Here are two kind of ska-related items from the All Music Guide News Roundup blog (via Rolling Stone):
The surviving members of Sublime — Eric Wilson and Bud Gaugh — have been ordered by a California court to stop using the band’s name. Wilson and Gaugh recently performed at the SmokeOut Festival with 21 year-old Rome Ramirez, who replaced the departed frontman Brad Nowell. According to festival footage, the group sounded a lot like Sublime. According to the judge’s ruling, however, Sublime ended with Nowell’s death 13 years ago.
And...
In other legal news, No Doubt is suing Activision, maker of the popular videogame Band Hero. The reason? Gamers can use No Doubt’s avatars at any point during gameplay, regardless of the music being replicated onscreen. In a lawsuit filed today against Activision, No Doubt argues that such a breach of contract turns the band into “a virtual karaoke circus act.”
A few Duff Guide to Ska observations:

Everyone knows that Brad overdosed and is dead, so no one is going to be somehow tricked into thinking that they are buying a ticket to see the original and complete Sublime. If his band mates want to revive the name and music, his estate should loosen up and permit use of the Sublime name--but still earn a cut from all of the gigs, merchandise, etc. that is generated by the continuing Sublime members (and donate the proceeds to drug rehab groups, if they want some good to come out of this). Essentially, give the people what they want: nostalgia (it sells well).

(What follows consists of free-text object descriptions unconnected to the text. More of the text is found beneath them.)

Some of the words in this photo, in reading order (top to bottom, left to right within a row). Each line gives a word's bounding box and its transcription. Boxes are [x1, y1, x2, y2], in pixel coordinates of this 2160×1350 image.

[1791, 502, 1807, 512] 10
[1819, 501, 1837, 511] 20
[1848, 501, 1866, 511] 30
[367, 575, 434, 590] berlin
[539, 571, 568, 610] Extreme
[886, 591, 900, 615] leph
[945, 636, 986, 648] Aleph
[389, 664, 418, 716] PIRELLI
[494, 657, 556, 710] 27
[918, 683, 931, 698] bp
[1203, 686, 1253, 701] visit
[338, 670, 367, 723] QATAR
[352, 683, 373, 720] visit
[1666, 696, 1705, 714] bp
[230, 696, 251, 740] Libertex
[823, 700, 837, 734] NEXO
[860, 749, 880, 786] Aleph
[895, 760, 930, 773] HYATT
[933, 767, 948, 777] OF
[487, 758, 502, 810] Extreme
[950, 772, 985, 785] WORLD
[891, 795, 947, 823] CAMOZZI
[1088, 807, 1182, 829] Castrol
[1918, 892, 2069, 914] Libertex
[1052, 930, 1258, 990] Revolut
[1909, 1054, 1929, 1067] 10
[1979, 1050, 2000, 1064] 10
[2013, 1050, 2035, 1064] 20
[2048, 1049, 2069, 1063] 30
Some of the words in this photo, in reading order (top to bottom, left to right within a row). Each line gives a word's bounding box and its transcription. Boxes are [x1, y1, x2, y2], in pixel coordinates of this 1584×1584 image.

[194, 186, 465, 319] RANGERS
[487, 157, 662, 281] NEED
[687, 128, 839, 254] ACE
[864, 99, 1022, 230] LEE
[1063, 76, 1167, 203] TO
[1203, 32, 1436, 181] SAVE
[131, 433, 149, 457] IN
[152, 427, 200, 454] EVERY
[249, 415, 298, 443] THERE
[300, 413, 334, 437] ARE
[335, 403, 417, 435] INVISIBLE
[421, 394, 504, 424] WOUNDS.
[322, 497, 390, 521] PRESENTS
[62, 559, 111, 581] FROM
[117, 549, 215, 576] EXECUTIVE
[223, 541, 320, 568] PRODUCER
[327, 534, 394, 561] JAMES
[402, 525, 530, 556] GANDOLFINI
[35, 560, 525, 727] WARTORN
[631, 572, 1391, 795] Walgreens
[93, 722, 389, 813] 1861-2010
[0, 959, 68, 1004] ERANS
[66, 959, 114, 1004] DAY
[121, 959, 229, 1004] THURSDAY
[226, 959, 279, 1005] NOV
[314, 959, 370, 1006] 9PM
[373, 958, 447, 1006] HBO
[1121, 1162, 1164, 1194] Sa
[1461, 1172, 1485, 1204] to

In No Doubt's case--and I'm assuming that they are making a substantial amount of money by lending their avatars to Activision's game--the band covers other people's material (Talk Talk's "It's My Life," for example), so what is the big deal if their avatars do it? (Isn't this just kind of "extending the brand" with gamers and even kind of fun/humorous to have "Gwen Stefani" "sing" a Metallica or Bon Jovi track?) Yes, Activision absolutely should have been completely upfront about how they were going to use the band's images--common sense would dictate this--and No Doubt should be upset about that, but maybe they should have tried to just re-negotiate the deal (i.e.: demand even more money), but not make a huge, public stink about it that makes them appear to be a bit like spoiled rock stars (and I'm categorially not stating that they are...)? Fans love it when stars don't take themselves too seriously.

Money sure does ruin everything, don't it?

2 comments:

Kames Jelly said...

there was something similar to the no doubt thing with nirvana. they were upset that kurt cobain could be used to as a regular unlockable character to play any song you wanted. i dont remember the exact details, but i think it was the same idea as no doubt. i think the whole thing is stupid. its a video game, get over it.

Steve from Moon said...

Yes, the Kurt Cobain issue is the same as No Doubt's. In both cases, it's weird that the game makers didn't preview the product with the bands/their reps before releasing it to the public. It would have saved everybody a lot of grief. (But having said that, look at all the free publicity the game and the bands have received...it will only end up selling more copies!)